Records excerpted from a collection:
□ □ □

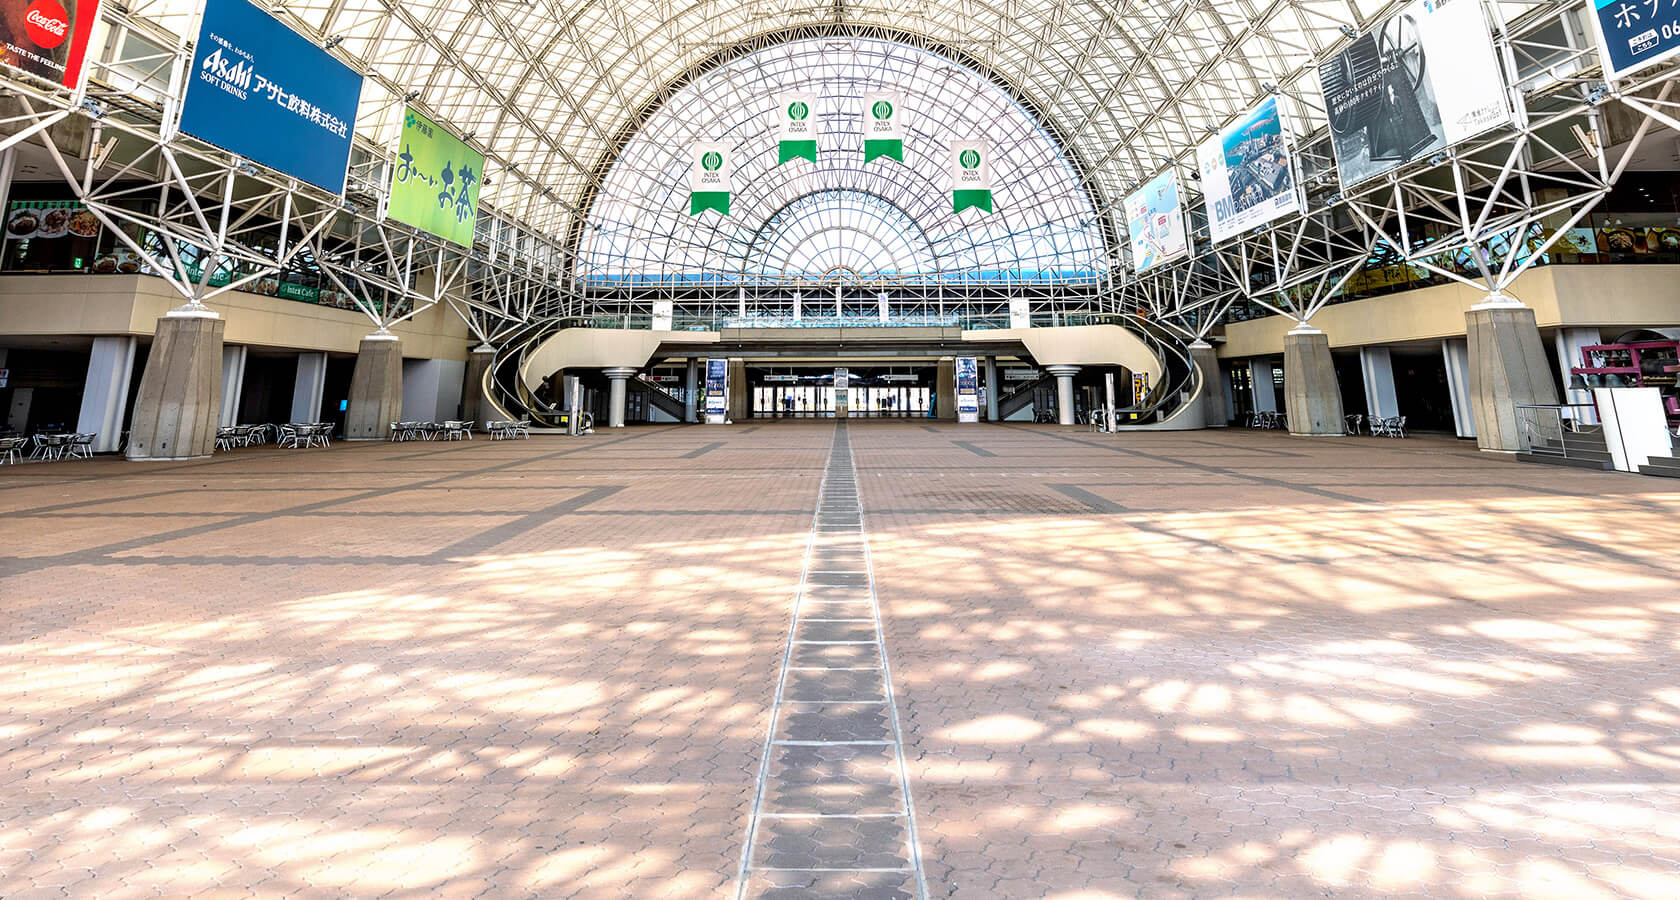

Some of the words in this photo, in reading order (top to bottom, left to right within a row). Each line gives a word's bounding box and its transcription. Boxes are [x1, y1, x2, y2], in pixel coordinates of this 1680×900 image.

[6, 43, 26, 56] TASTE
[27, 51, 40, 62] THE
[40, 57, 66, 73] FEELING
[203, 48, 253, 90] Asahi
[200, 70, 220, 87] SOFT
[220, 80, 248, 101] DRINKS
[252, 73, 348, 139] アサヒ飲料株式会社
[287, 285, 300, 295] Intex
[301, 288, 315, 298] Cafe

□ □ □

Exercise description: Could you set down every entry again exactly as written, leaving out any pictures?

Output:
Some of the words in this photo, in reading order (top to bottom, left to right within a row). Each line gives a word's bounding box and its transcription. Boxes are [x1, y1, x2, y2], in pixel coordinates of this 1680×900 image.

[6, 43, 26, 56] TASTE
[27, 51, 40, 62] THE
[40, 57, 66, 73] FEELING
[203, 48, 253, 90] Asahi
[200, 70, 220, 87] SOFT
[220, 80, 248, 101] DRINKS
[252, 73, 348, 139] アサヒ飲料株式会社
[287, 285, 300, 295] Intex
[301, 288, 315, 298] Cafe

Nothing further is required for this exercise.